* _To do_: Return every record below exactly as written, but leave out the pictures.

- - -

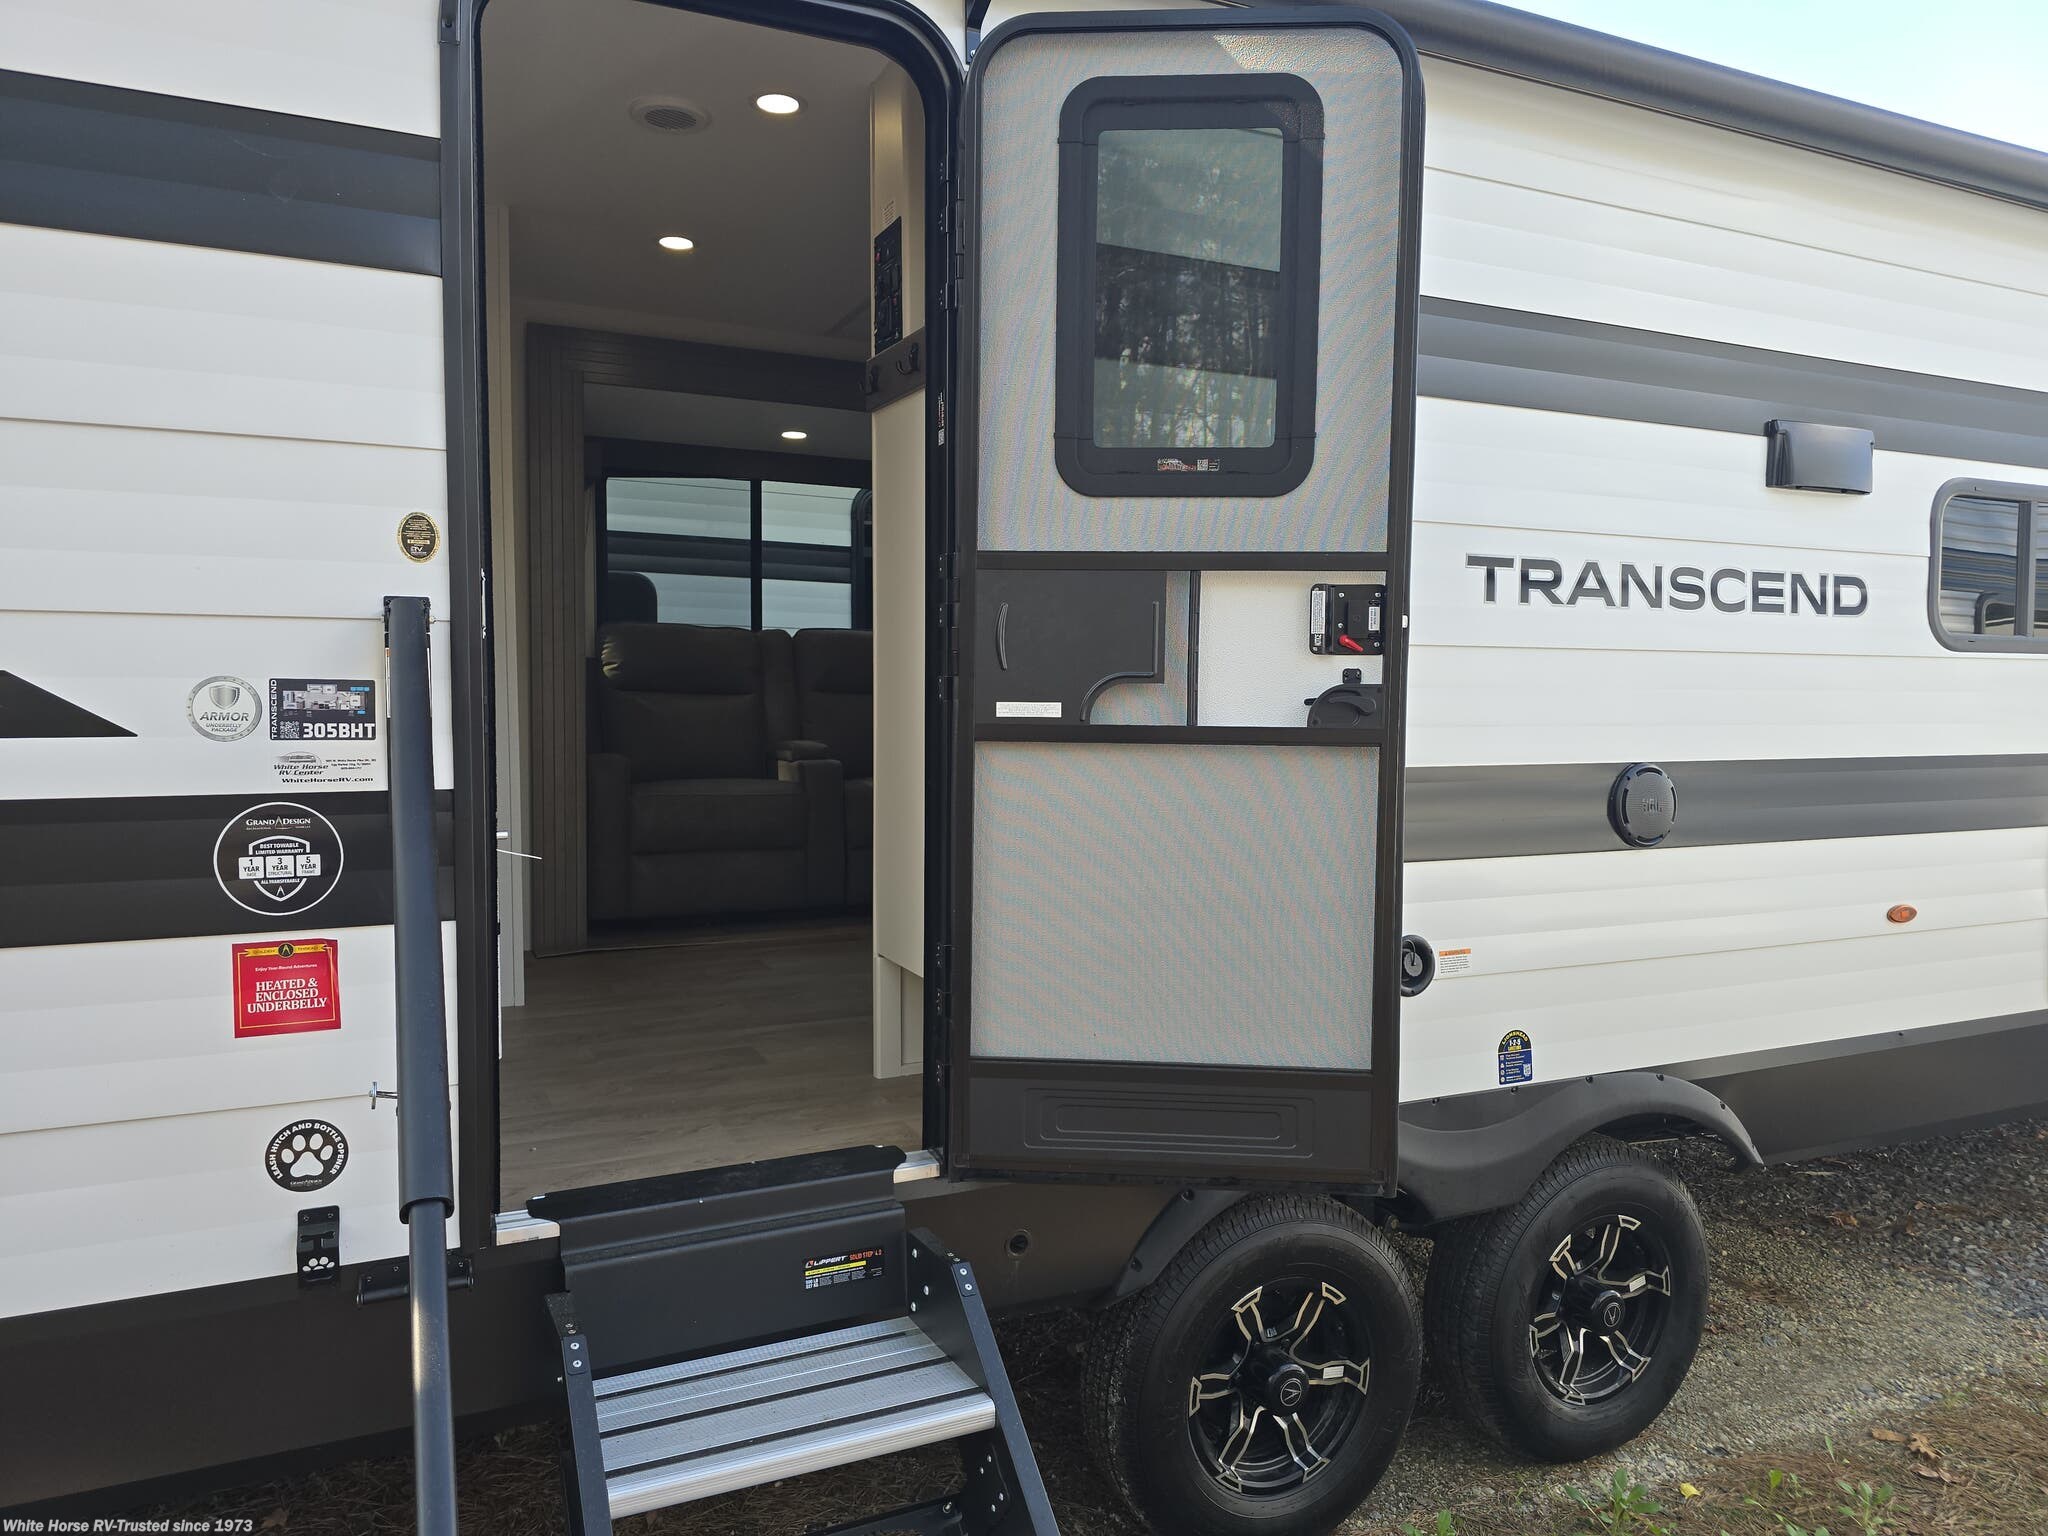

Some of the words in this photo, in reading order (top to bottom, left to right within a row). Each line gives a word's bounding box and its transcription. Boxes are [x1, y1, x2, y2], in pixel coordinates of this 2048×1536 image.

[1466, 554, 1869, 617] TRANSCEND
[200, 712, 249, 721] ARMOR
[270, 680, 278, 739] TRANSCEND
[303, 722, 375, 738] 305BHT
[249, 858, 253, 866] 1
[277, 857, 283, 865] 3
[306, 856, 311, 864] 5
[256, 979, 305, 991] HEATED
[308, 977, 318, 987] &
[256, 988, 318, 1002] ENCLOSED
[247, 997, 327, 1013] UNDERBELLY
[292, 1122, 312, 1132] AND
[314, 1122, 341, 1142] BOTTLE
[271, 1129, 291, 1152] HITCH
[329, 1142, 345, 1174] OPENER
[269, 1154, 283, 1179] LEASH
[814, 1255, 848, 1266] LIPPERT
[863, 1250, 873, 1258] STEP
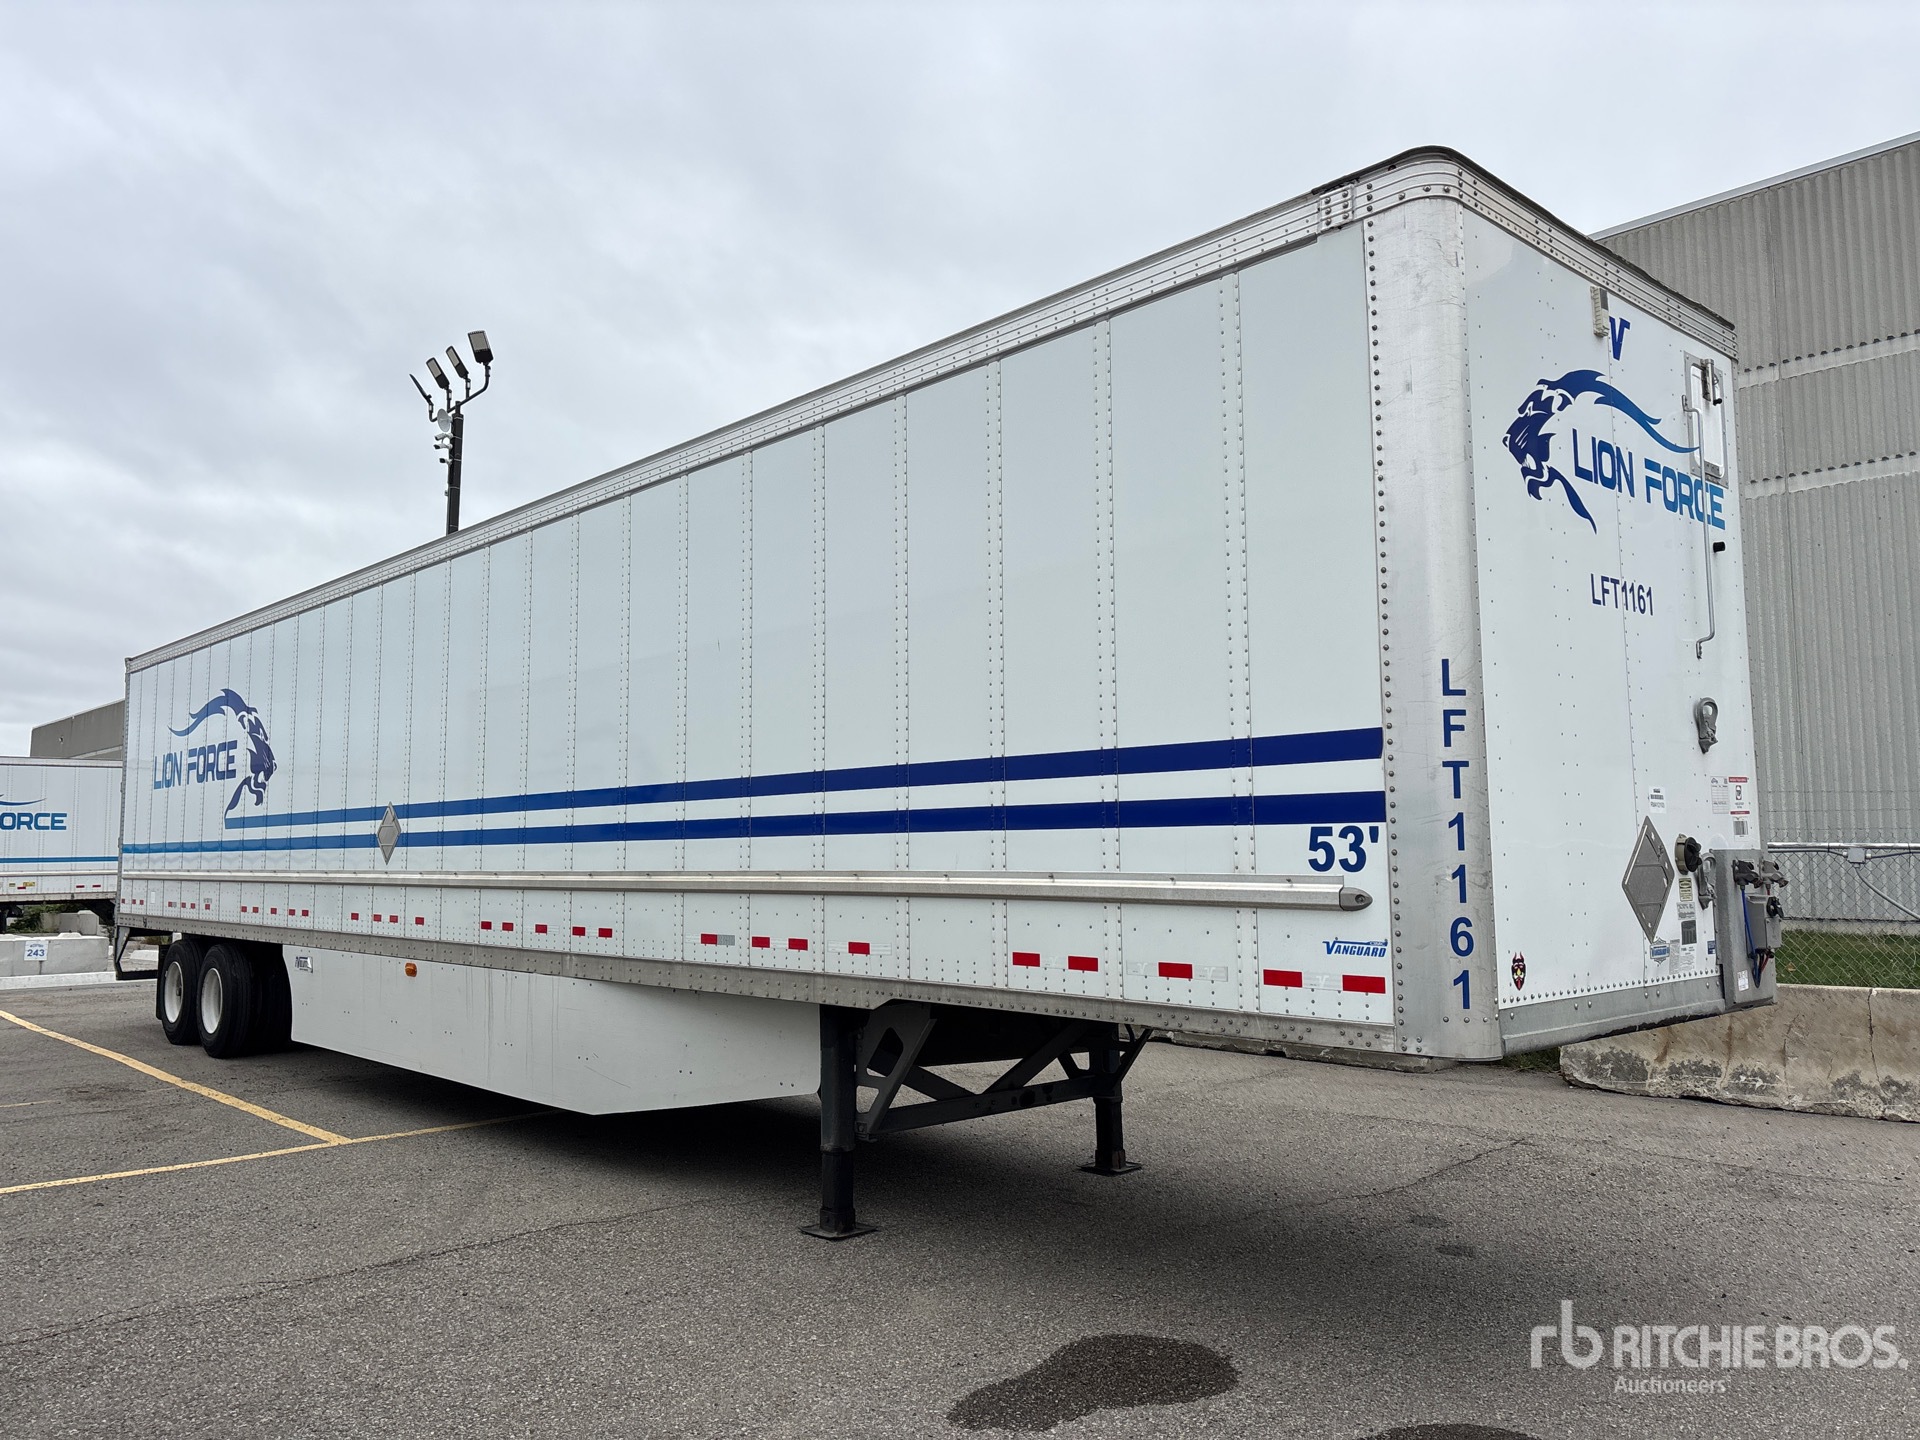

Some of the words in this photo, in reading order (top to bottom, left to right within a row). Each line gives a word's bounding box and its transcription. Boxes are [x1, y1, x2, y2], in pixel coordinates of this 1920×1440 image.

[1572, 428, 1635, 498] LION
[1644, 457, 1726, 531] FORCE
[1590, 573, 1653, 616] LFT1161
[153, 750, 183, 790] LION
[186, 739, 238, 785] FORCE
[1307, 825, 1380, 873] 53'
[1441, 658, 1475, 1010] LFT1161
[27, 949, 45, 957] 243

- - -

* _Answer for the task_:
Some of the words in this photo, in reading order (top to bottom, left to right within a row). Each line gives a word's bounding box and its transcription. Boxes are [x1, y1, x2, y2], in pixel coordinates of this 2048×1536 image.

[1466, 554, 1869, 617] TRANSCEND
[200, 712, 249, 721] ARMOR
[270, 680, 278, 739] TRANSCEND
[303, 722, 375, 738] 305BHT
[249, 858, 253, 866] 1
[277, 857, 283, 865] 3
[306, 856, 311, 864] 5
[256, 979, 305, 991] HEATED
[308, 977, 318, 987] &
[256, 988, 318, 1002] ENCLOSED
[247, 997, 327, 1013] UNDERBELLY
[292, 1122, 312, 1132] AND
[314, 1122, 341, 1142] BOTTLE
[271, 1129, 291, 1152] HITCH
[329, 1142, 345, 1174] OPENER
[269, 1154, 283, 1179] LEASH
[814, 1255, 848, 1266] LIPPERT
[863, 1250, 873, 1258] STEP

Some of the words in this photo, in reading order (top to bottom, left to right within a row). Each line gives a word's bounding box and its transcription. Boxes are [x1, y1, x2, y2], in pixel coordinates of this 1920×1440 image.

[1572, 428, 1635, 498] LION
[1644, 457, 1726, 531] FORCE
[1590, 573, 1653, 616] LFT1161
[153, 750, 183, 790] LION
[186, 739, 238, 785] FORCE
[1307, 825, 1380, 873] 53'
[1441, 658, 1475, 1010] LFT1161
[27, 949, 45, 957] 243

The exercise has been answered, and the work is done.